Resumo
A vida é inconstante. Ninguém de fato sabe o dia de amanhã, mas isso não impede que o planejemos, a gente vive pra isso, pelo futuro...e é simplesmente uma merda quando essa porra dá errado. Chamam pessoas sem planejamento de vida de inconsequentes, mas tendo em conta que exatamente tudo pode virar nada num estalar de dedos, não está correto quem a vive da melhor forma possível?! Eu gostaria de dizer que após perceber que a vida é um sopro me tornei uma dessas pessoas, mas eu estaria mentindo, apesar de que quase todo mundo me considera inconsequente. Se você está aqui, provavelmente está entre as pessoas que me odeiam. Eu entendo você, de verdade, sou uma pessoa insuportável! Mas provavelmente você me odeia pelo motivo errado e eu não gosto disso! Esse relato é sobre como quase matei alguém e eu sei que vai parecer idiota, mas estou aqui para te provar que apesar de tudo, sou completamente inocente!
1
Dependência emocional é uma das piores merdas do mundo. Sempre fui a pessoa que criticava mentalmente pessoas super abaladas por conta de fim de namoro e se humilhando por isso, nem sei dizer quantas vezes já virei para minha melhor amiga simplesmente para soltar um desagradável “não acredito que você está fazendo isso por uma pica”, porque para mim, relações românticas adolescentes estavam estritamente ligadas à sexo e tenho certeza que a maioria dos adolescentes também pensam assim; quem é que quer encontrar sua alma gêmea aos 17 e não provar no mínimo uns oito beijos diferentes antes de acabar preso por anos num casamento monogâmico?

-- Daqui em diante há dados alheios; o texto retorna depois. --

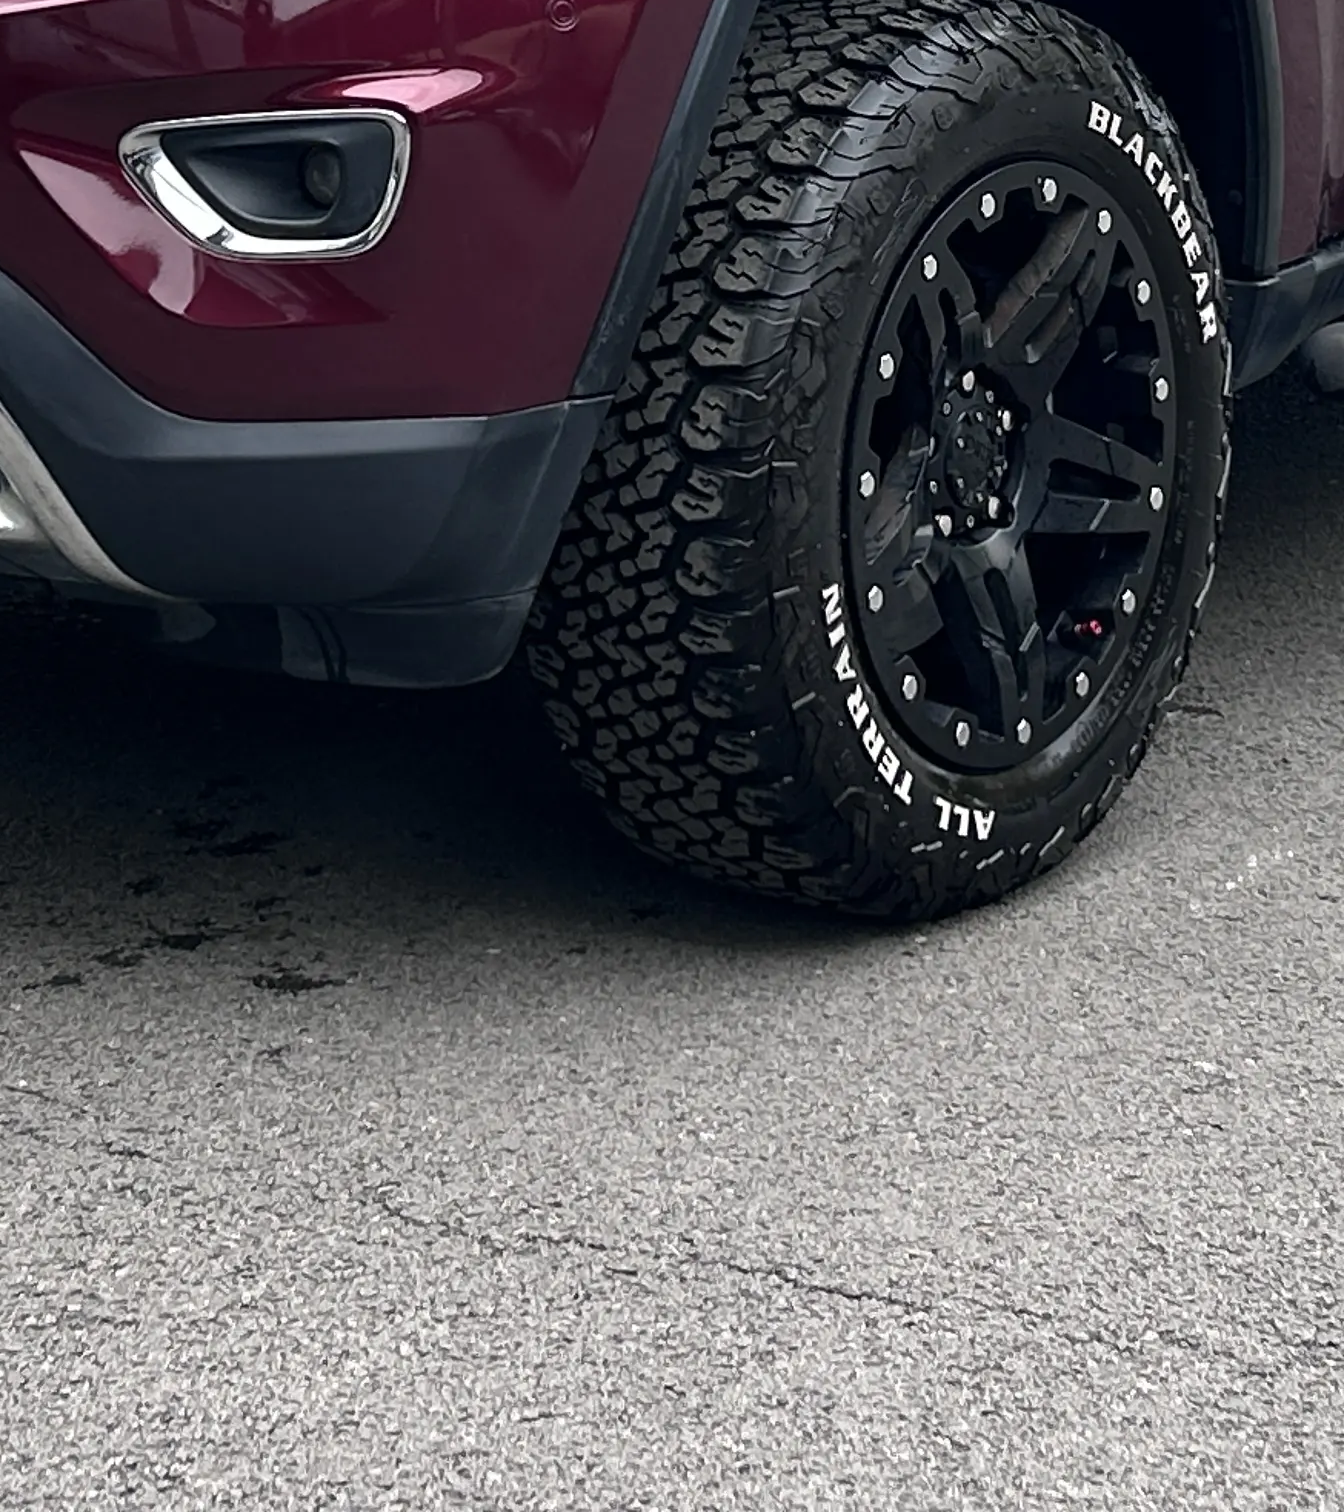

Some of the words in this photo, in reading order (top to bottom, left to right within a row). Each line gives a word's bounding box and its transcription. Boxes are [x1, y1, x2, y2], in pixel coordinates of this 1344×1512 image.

[1087, 100, 1218, 344] BLACKBEAR
[821, 583, 913, 806] TERRAIN
[933, 795, 996, 841] ALL
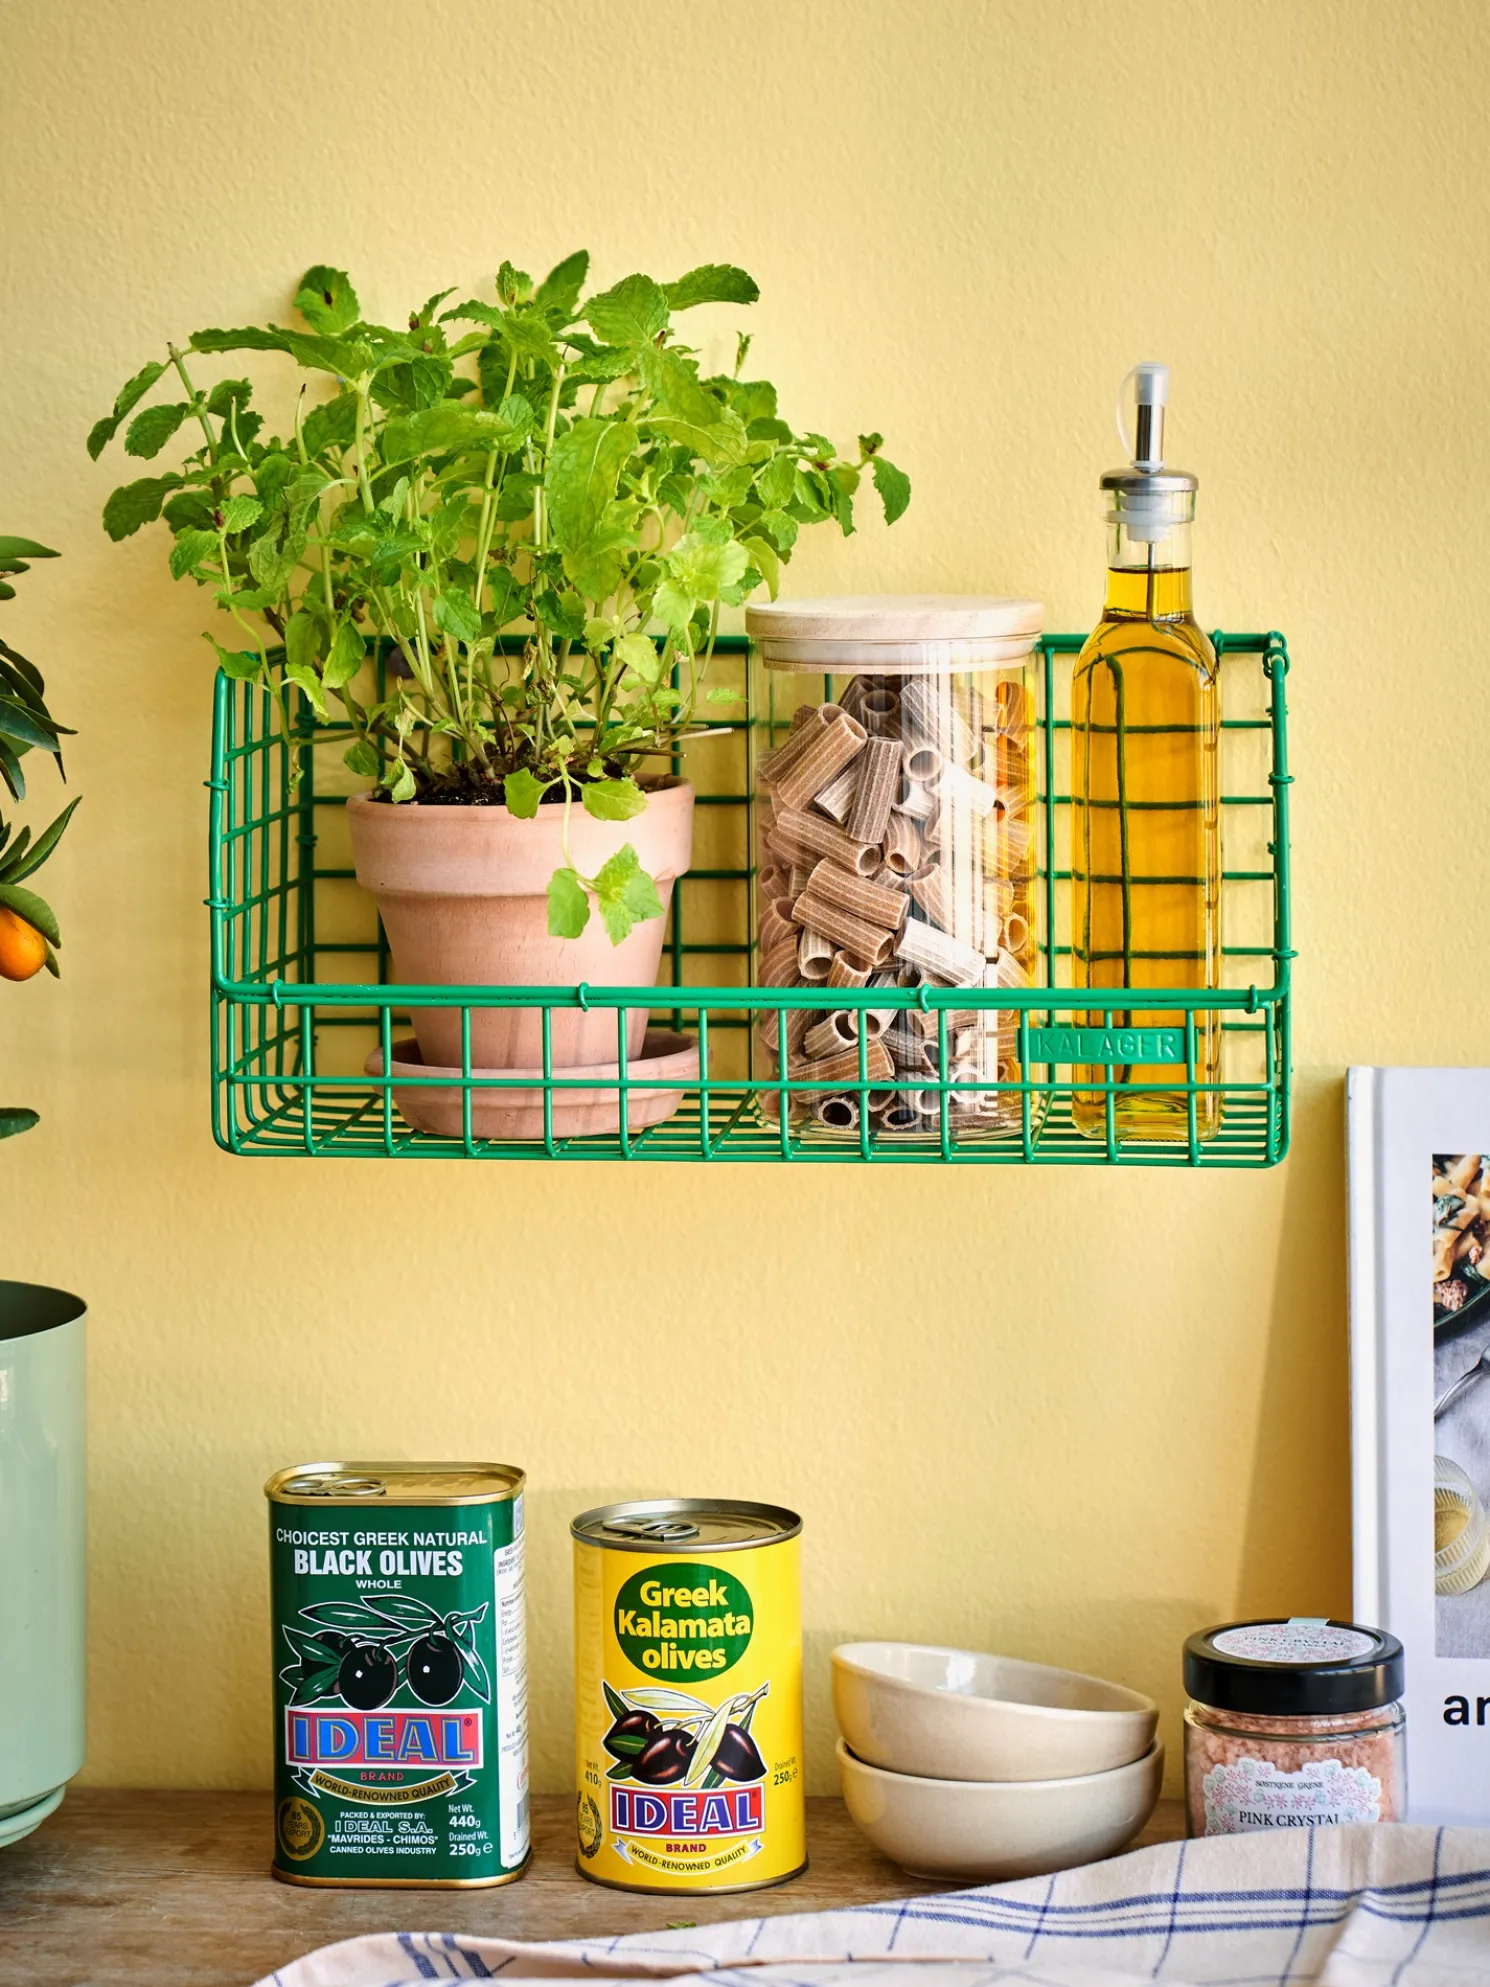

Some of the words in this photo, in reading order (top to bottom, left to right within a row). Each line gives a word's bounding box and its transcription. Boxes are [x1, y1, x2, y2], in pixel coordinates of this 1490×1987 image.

[1037, 1033, 1175, 1058] KALAGER
[276, 1528, 349, 1546] CHOICEST
[353, 1532, 409, 1547] GREEK
[413, 1530, 487, 1546] NATURAL
[294, 1549, 373, 1576] BLACK
[379, 1550, 463, 1576] OLIVES
[355, 1579, 402, 1589] WHOLE
[640, 1579, 729, 1608] Greek
[618, 1609, 751, 1638] Kalamata
[642, 1642, 727, 1669] olives
[292, 1716, 475, 1762] IDEAL
[360, 1772, 404, 1781] BRAND
[585, 1770, 602, 1788] 410g
[315, 1774, 409, 1801] WORLD-RENOWNED
[412, 1778, 450, 1797] QUALITY
[340, 1811, 368, 1819] PACKED
[376, 1812, 413, 1820] EXPORTED
[448, 1804, 461, 1813] Net
[461, 1804, 474, 1813] Wt.
[616, 1792, 759, 1833] IDEAL
[335, 1820, 394, 1833] IDEAL
[398, 1820, 434, 1834] S.A.
[449, 1815, 481, 1828] 440g
[1238, 1810, 1274, 1827] PINK
[449, 1832, 476, 1841] Drained
[477, 1831, 489, 1840] Wt.
[330, 1846, 364, 1854] CANNED
[365, 1846, 395, 1854] OLIVES
[396, 1847, 437, 1855] INDUSTRY
[449, 1843, 481, 1856] 250g
[666, 1843, 707, 1853] BRAND
[715, 1846, 746, 1866] QUALITY

Por nunca ter me apaixonado, sempre me considerei uma pessoa autossuficiente; sabe, eu facilmente seria fotografado indo ao cinema ou à praça de alimentação sozinho e seria postado com uma frase inspiradora no twitter de alguma adolescente militante de apartamento. Mas na verdade eu estava longe de ser autossuficiente e descobri isso da pior maneira possível.

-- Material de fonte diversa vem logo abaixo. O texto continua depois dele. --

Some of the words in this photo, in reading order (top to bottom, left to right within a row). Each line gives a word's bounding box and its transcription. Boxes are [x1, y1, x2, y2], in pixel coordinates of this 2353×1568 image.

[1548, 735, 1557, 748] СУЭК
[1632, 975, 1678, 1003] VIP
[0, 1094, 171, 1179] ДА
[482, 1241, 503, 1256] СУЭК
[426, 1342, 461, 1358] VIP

Era um domingo de julho de 2018, especificamente dia 29. Estava com minha família materna numa granja alugada pela minha mãe para comemorarmos seu aniversário, que tinha sido quatro dias antes. Todos nós havíamos chegado na sexta feira, os parentes da minha mãe de ônibus fretado vindos de Jardim, cidade onde ela nasceu. Foi um fim de semana infernal com todas aquelas crianças e tios inconvenientes, mas no domingo eu estava até que contente, principalmente no fim de festa e não só porque estava perto daquela reunião acabar, mas também porque bêbados são um ótimo entretenimento, ainda mais tias velhas. Eu estava numa espreguiçadeira na beira da piscina, era fim de tarde e enquanto o pessoal começava a limpar as coisas, eu observava tia Marisa dançar Na Boquinha Da Garrafa. Eu ria feito o idiota que sou, quando um de meus primos se aproximou, se chamava Lucas ou Luan, para mim não fazia diferença; odiava aquela parte da minha família.

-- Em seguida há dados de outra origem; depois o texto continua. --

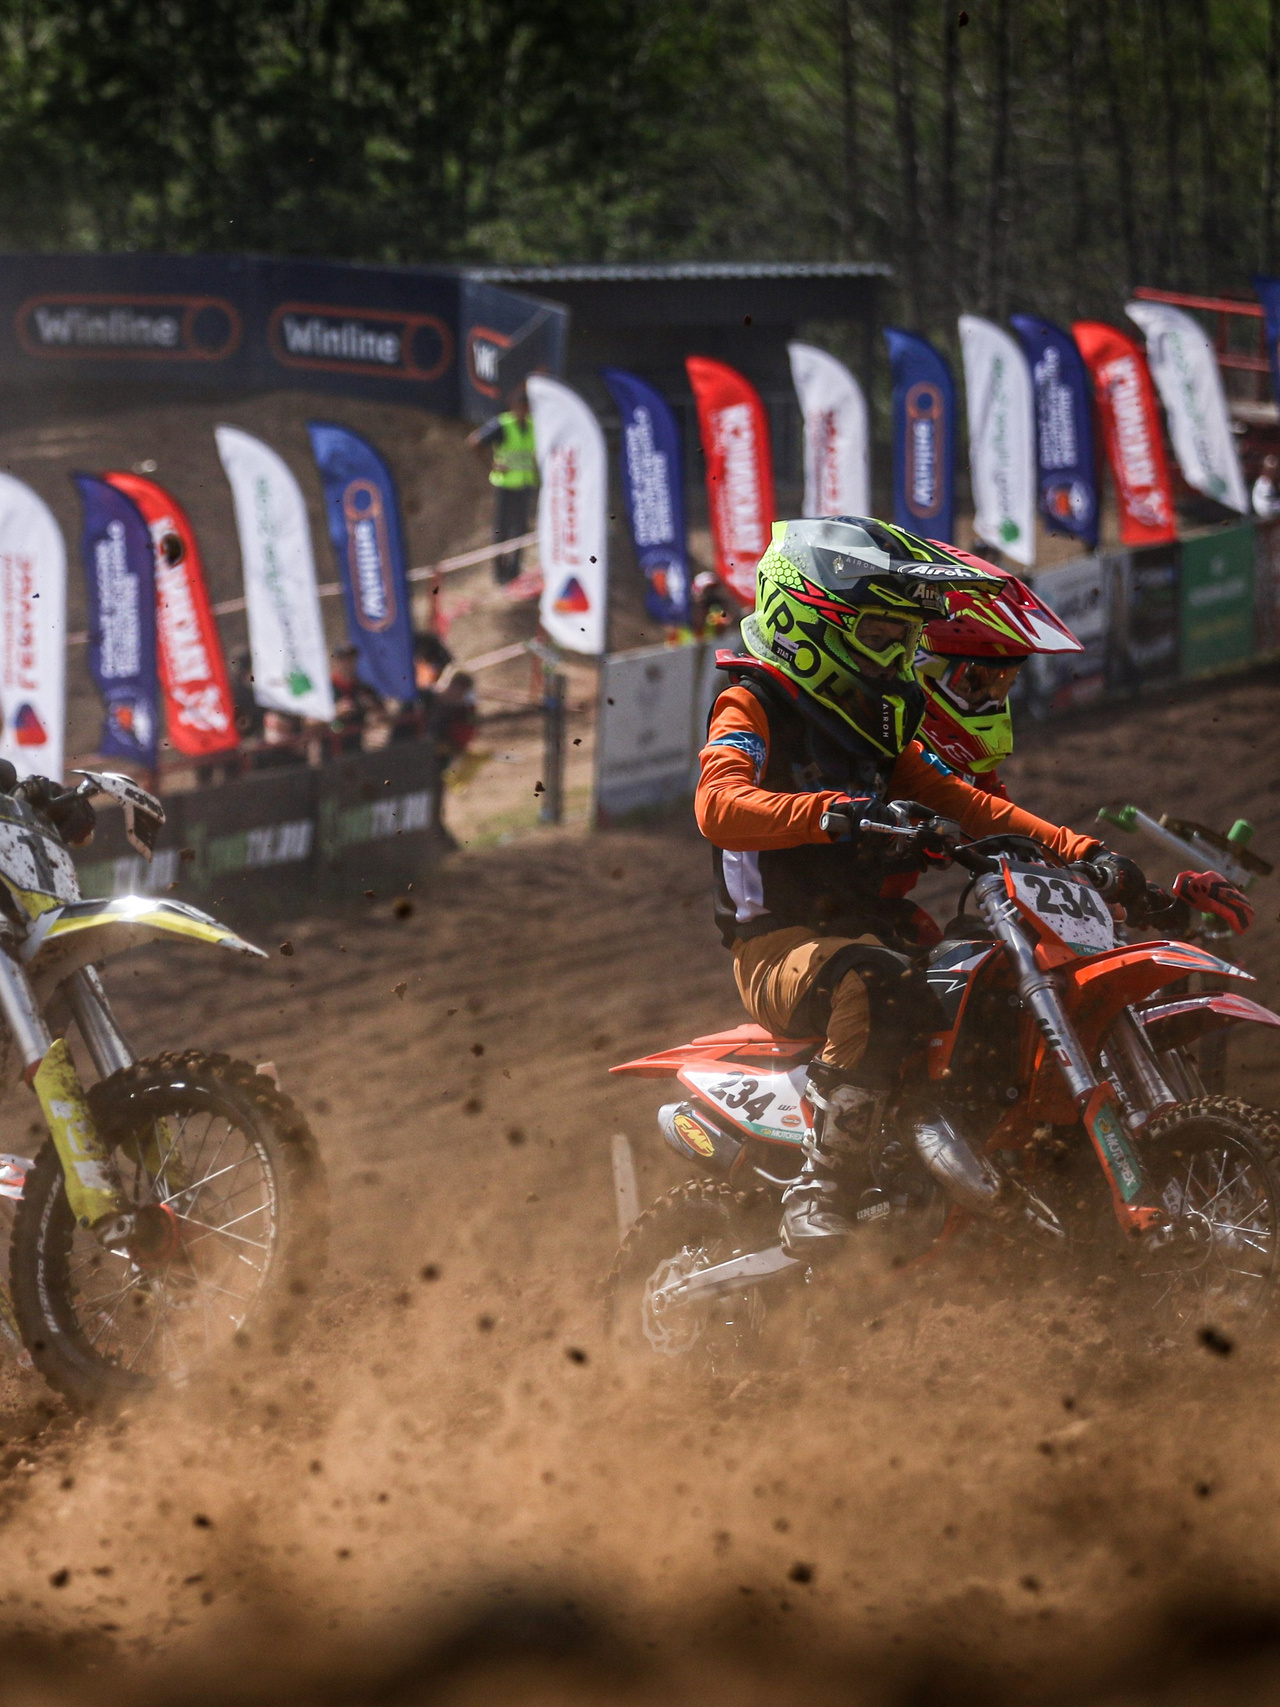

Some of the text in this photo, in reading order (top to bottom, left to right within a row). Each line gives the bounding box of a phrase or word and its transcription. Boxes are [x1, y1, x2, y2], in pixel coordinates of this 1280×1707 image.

— Você ainda toma aqueles remédios de doido? — aquele garoto (não gosto de admitir, mas muito parecido comigo) não havia dirigido uma palavra à mim o fim de semana todo, mas abriu a boca para me ofender sem mais nem menos. O olhei com o que tia Julia chamava de olhar de “dono do mundo”, mas era puro desdém. — Zolpidem, sei lá, Rivotril?
— Eu responderia apenas um: vá se foder. Mas como estou de bom humor: por que quer saber?
— Vi na internet que é alucinógeno, queria tirar uma brisa!
— Eu volto então para minha primeira opção de resposta: vá se foder! Tu tem quantos anos, moleque? É filho de quem? Vou contar pra sua mãe!
Minha resposta foi o suficiente para despachar o garoto de perto de mim, mas não pude voltar minha atenção para tia Marisa, pois ela terminou com o show para comer churrasco. Um de meus primos tentava assar toda a carne que sobrou simplesmente porque não queria que uma de minhas primas levasse para a casa, já que ela não tinha ajudado a pagar nem o frete do ônibus. Naquele momento decidi pegar meu celular para mandar mensagem para Mariana; ela já não me respondia há algumas horas por conta de estar num passeio com o namorado, mas eu continuava enviando fotos e textos mesmo assim. No instante em que peguei meu celular, recebi uma chamada de Yara, mãe de Mari.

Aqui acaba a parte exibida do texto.